The design concept, an elevated stainless steel circle resting on an intricately carved stone drum, was conceived by Harvey Pratt, a Cheyenne and Arapaho Marine Corps Vietnam Veteran. Pratt is a multimedia artist and recently -retired forensic artist.
When initially presenting the concept to the National Museum of the American Indian jury members, Pratt, joined by his project partner Hans Butzer, explained his idea of the circle as the central element to the memorial.
“When we speak of the sacred circle, we look and realize that Native people have honored the sacredness of the circle...there is a circle of life, it is continuous and timeless. That is what our culture is about. It is a matter of simplicity that is yet so strong among people,” Pratt said. “A circle is a powerful object, it brings in power, and sends power out. And that is so important to veterans.”
Pratt also explained various other elements of the memorial to include a fire that would be lit on ceremonial occasions and veterans, families and others would be invited to ‘come to the campfire’ and share their stories.
The memorial will sit outside the National Museum of the American Indian in Washington D.C. The groundbreaking is slated for Sept. 21, 2019 and the memorial is scheduled to be open to the public by late 2020.
Kevin Gover, Pawnee, director of the National Museum of the American Indian spoke to the importance of Native veterans.
“Through meeting thousands of Native American veterans, I learned most of all about the commitment these veterans have to the well-being of the United States,” he said in a release. “These veterans are perfectly aware that they are serving a country that had not kept its commitments to Native people, and yet they chose — and are still choosing — to serve. This reflects a very deep kind of patriotism. I can think of no finer example of service to the United States and the promise it holds.”
Native Americans serve at a higher rate per capita than any other population group. Few outside the military and American Indian Nations know that Native people have served in the U.S. armed forces since the American Revolution and continue to serve today. The nation’s capital is known for its grand monuments and solemn memorials, including many honoring the nation’s veterans. Yet no national landmark in Washington, D.C., focuses on the contributions of American Indians, Alaska Natives and Native Hawaiians who have served in the military since colonial times.
Congress commissioned the museum to build a National Native American Veterans Memorial that gives “all Americans the opportunity to learn of the proud and courageous tradition of service of Native Americans in the Armed Forces of the United States.”
The museum worked with the National Congress of American Indians and other Native organizations to create an advisory committee composed of tribal leaders, Native veterans and their family members from across the country who assisted with outreach to Native American communities and veterans.

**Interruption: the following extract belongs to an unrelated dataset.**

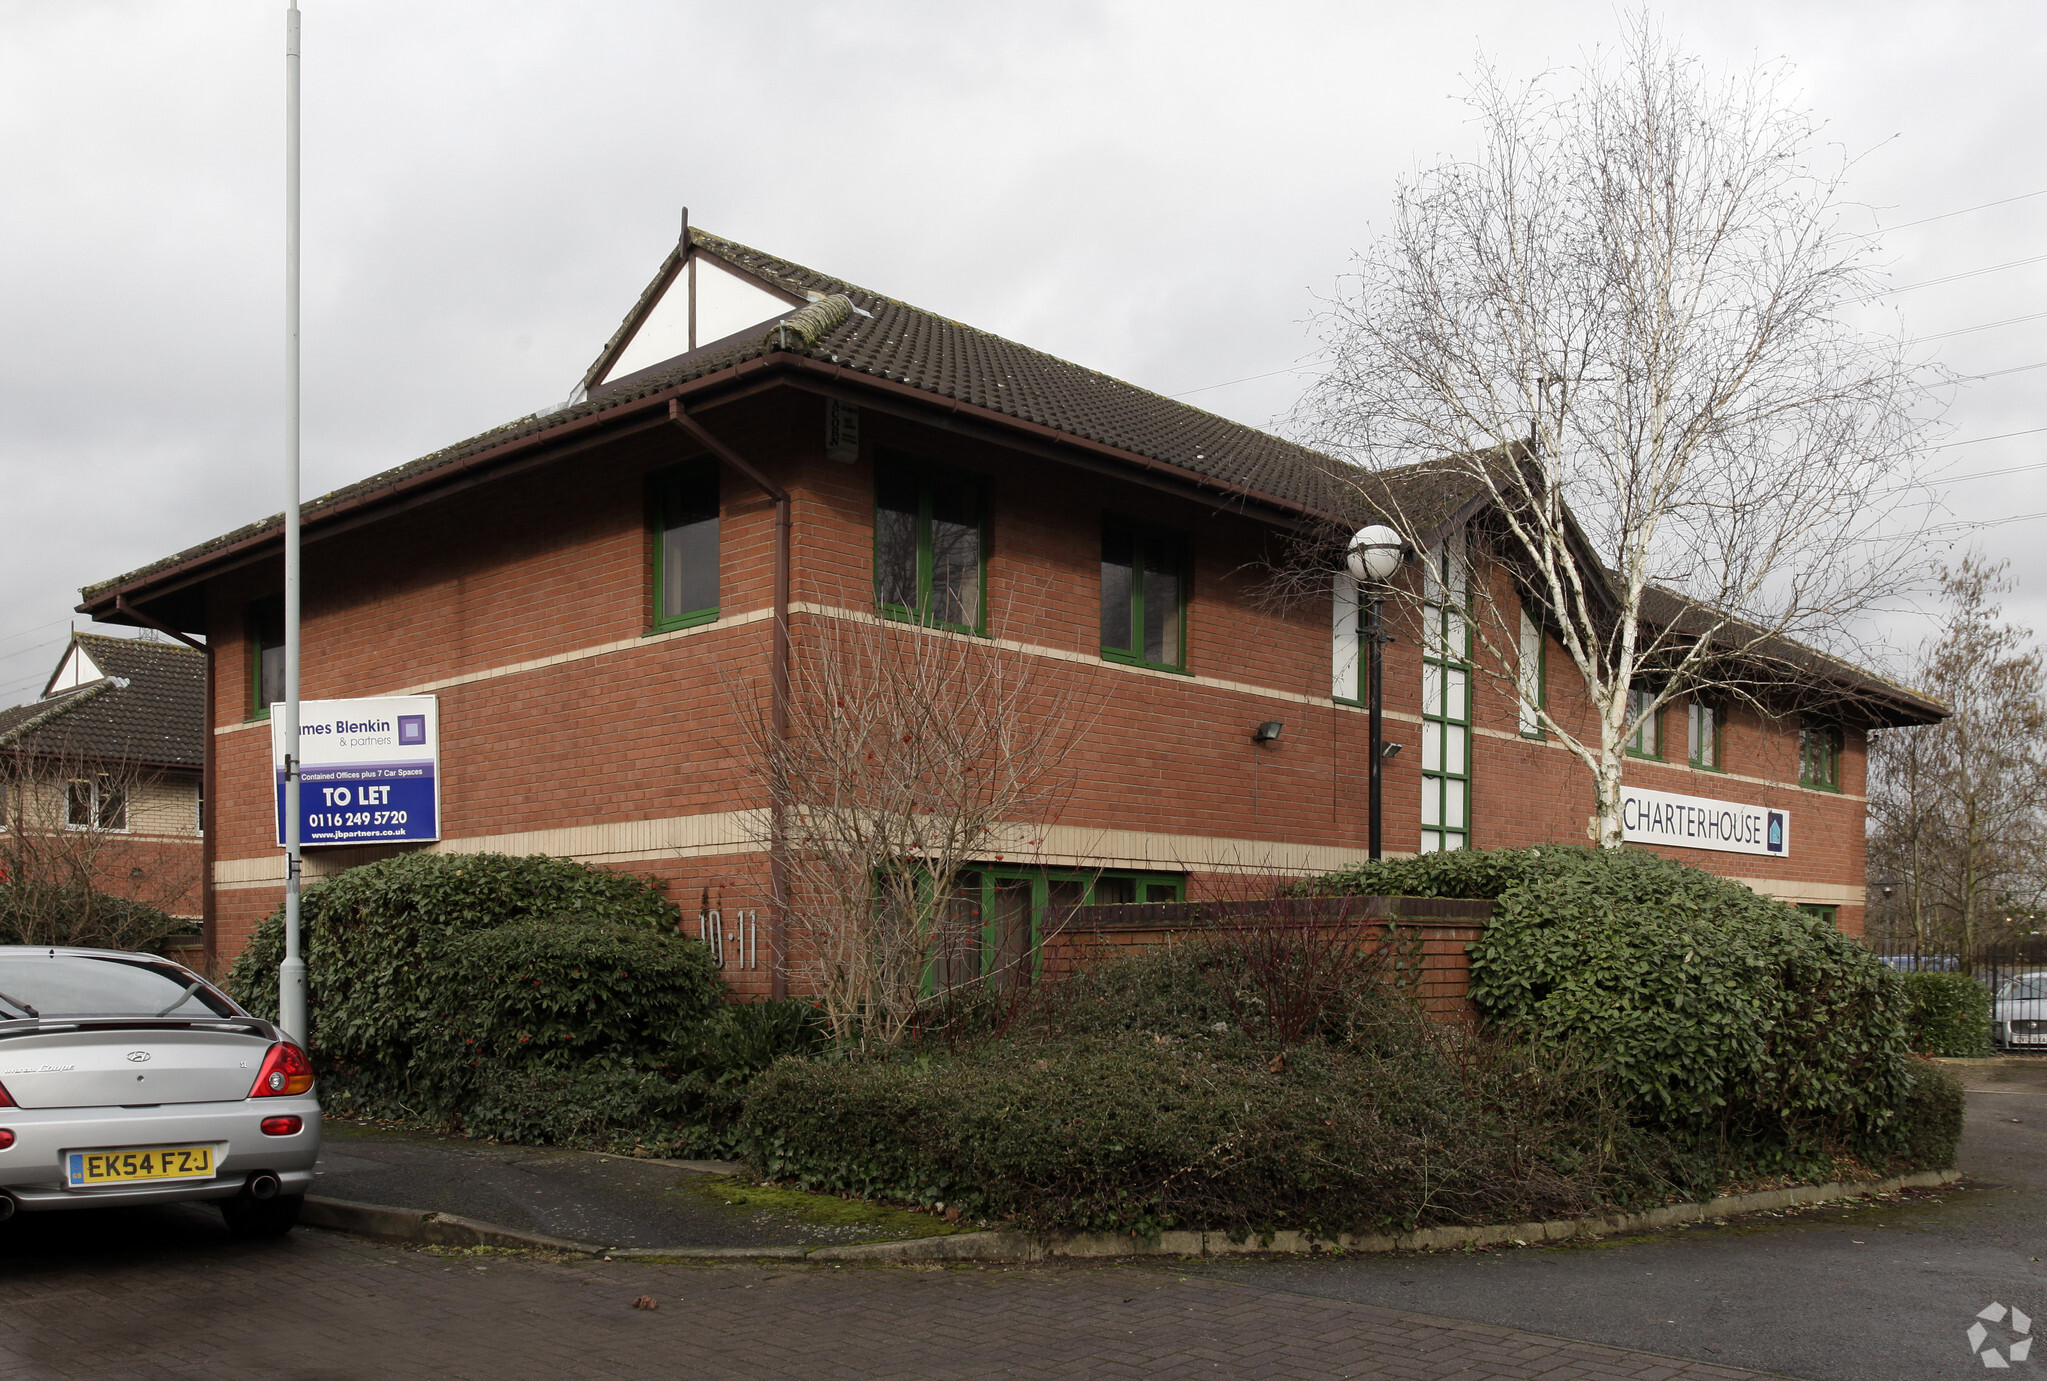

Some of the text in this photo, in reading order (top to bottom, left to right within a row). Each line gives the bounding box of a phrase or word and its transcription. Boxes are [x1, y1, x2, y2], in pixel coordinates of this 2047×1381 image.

The advisory committee and the museum conducted 35 community consultations across the nation to seek input and support for the memorial. These events resulted in a shared vision and set of design principles for the National Native American Veterans Memorial.
The National Museum of the American Indian conducted an international competition to select design concepts for the National Native American Veterans Memorial. Don Stastny, an architect and urban designer, oversaw the competition. The design was selected through a juried, two-stage process.
Harvey Pratt is a self-taught artist from Oklahoma that works in oil, watercolor, metal, clay and wood. His works include themes of Native American history and tradition and the Cheyenne people.
Pratt’s public art works include a 7-foot sculptural relief depicting a bald eagle on a Native American shield at the entrance to the Oklahoma State Bureau of Investigation building and a 37-foot-long mural progressing from sepia to color depicting the bureau’s case history.